This week’s guest post comes from Marco Cianfanelli, a South African artist who, in addition to participating in the Earth Matters exhibition in Washington DC, is internationally recognized. Cianfanelli is an artist who examines the universal within the personal and, as the great T.S. Eliot once said of great writers, writes both himself and his time.
Back down to Earth
by Marco Cianfanelli
Maquette: The sum of us [The sum of us (2009) realised at 4.44 x 3.47 x 11.4 meters; mild steel: Forum Homini, Cradle of Humankind]
I am always slightly puzzled when asked to give my opinion on a matter, as one of the significant reasons I became an artist is the very privilege it affords me in blurring and manipulating elements of intellect, science, knowledge, emotion & gesture in a way that is based on, but not confined to, logic or fact but in a way that makes perfect sense to me.

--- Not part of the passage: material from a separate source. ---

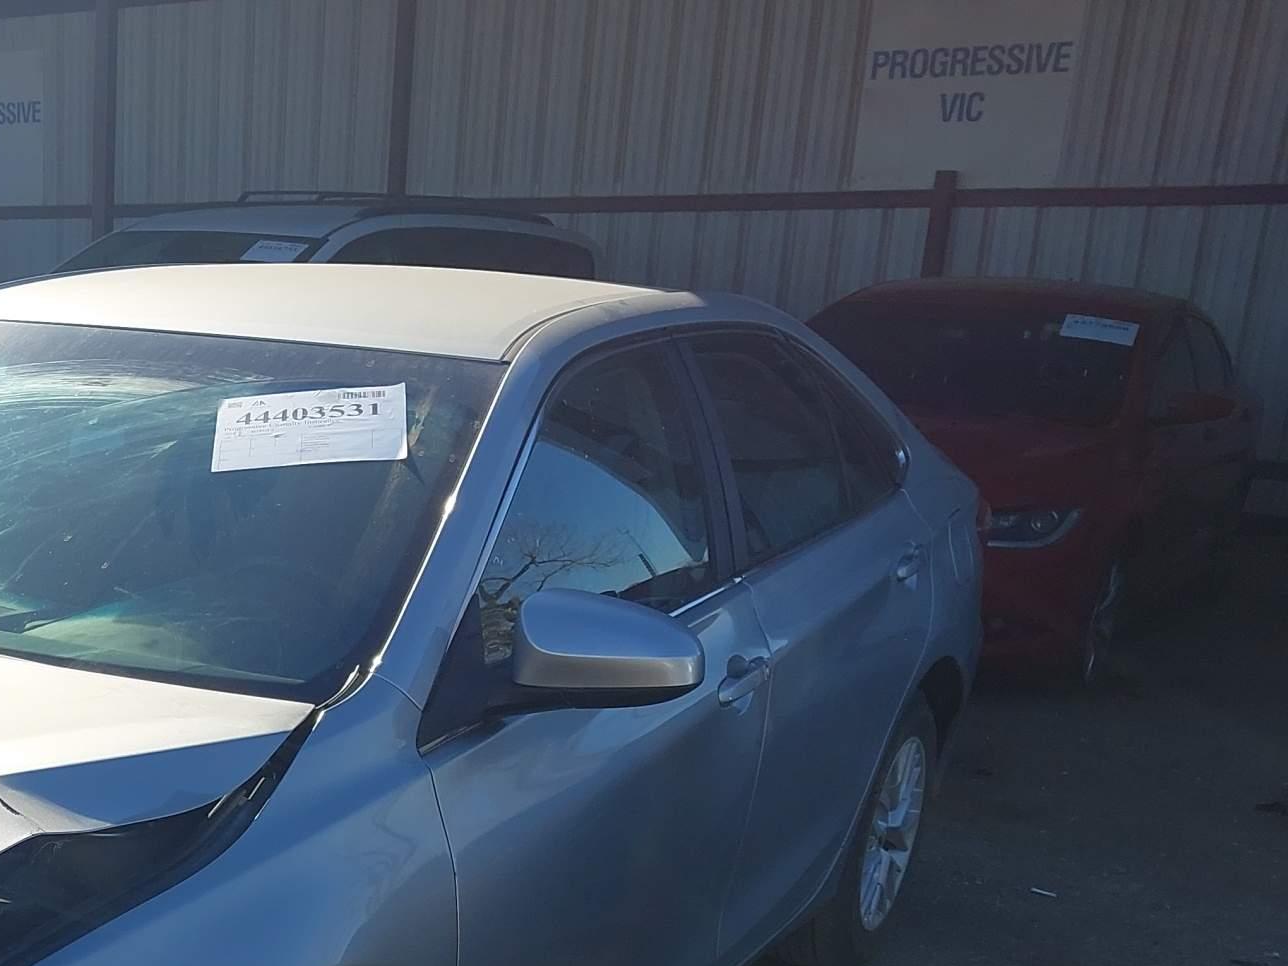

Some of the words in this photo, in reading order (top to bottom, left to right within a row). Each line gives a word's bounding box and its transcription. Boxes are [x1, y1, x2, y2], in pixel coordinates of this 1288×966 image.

Is it feasible to personify the whole of humanity, as one single being, a being with particular traits and a complex yet distinct personality? Could these traits and this personality be better understood by observing the condition of the earth, how humanity exists on it, in it, with it? In this sense, our perception of the earth’s state(s) would not be a judgement of humanity but rather a reflection of it. Be it good or bad, it is what it is.
If you believe in evolution, you have to consider that we, alongside everything around us, are evolving with every passing second. Evolution is not an event it is a process. With regard to our place on earth, how are we evolving or how will we evolve in the future? Is it possible that we can be active, rather than passive in the process of our evolution and if so, will the nature in which we cohabit the earth be something we value?
Regarding evolution, Vredefort to Sterkfontein, is a work that I produced as a response to the immense significance and connectedness of the two regions of Vredefort, the site of the largest verified asteroid impact crater, and Sterkfontein, a site of significant Hominid findings, which lies within the “Cradle of Humankind”. The work is both a scientific analysis and a family portrait of sorts or a musing on the subject of genetics, created by morphing and interpolating three silhouette portraits of my mother, myself and my father, to create the seven profiles in the work. Geographic coordinates of the region between Vredefort and Sterkfontein, recorded at 20-meter intervals, were gathered to create a digital three-dimensional topographical portion of this region. This data was used to create the third dimension of the seven forms and was amplified to varying degrees on each of the seven portraits, enhancing the effect of a wave or tide, representing the immense impact that rippled the earth’s surface well beyond the region of Sterkfontein.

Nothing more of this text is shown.